**Exercise objective**. Write out the data exactly, every line included.

====== Data shown ======

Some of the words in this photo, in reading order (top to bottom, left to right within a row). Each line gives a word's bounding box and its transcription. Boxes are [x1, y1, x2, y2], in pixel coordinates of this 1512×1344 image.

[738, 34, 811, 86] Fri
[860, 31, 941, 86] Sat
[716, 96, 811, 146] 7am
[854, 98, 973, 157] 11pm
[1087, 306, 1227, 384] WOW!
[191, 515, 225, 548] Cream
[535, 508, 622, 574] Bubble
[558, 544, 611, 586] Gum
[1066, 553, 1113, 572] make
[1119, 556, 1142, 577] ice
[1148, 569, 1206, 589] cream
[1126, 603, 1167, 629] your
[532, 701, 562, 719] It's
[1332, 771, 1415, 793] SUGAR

======

**Response to the exercise**.
Some of the words in this photo, in reading order (top to bottom, left to right within a row). Each line gives a word's bounding box and its transcription. Boxes are [x1, y1, x2, y2], in pixel coordinates of this 1512×1344 image.

[738, 34, 811, 86] Fri
[860, 31, 941, 86] Sat
[716, 96, 811, 146] 7am
[854, 98, 973, 157] 11pm
[1087, 306, 1227, 384] WOW!
[191, 515, 225, 548] Cream
[535, 508, 622, 574] Bubble
[558, 544, 611, 586] Gum
[1066, 553, 1113, 572] make
[1119, 556, 1142, 577] ice
[1148, 569, 1206, 589] cream
[1126, 603, 1167, 629] your
[532, 701, 562, 719] It's
[1332, 771, 1415, 793] SUGAR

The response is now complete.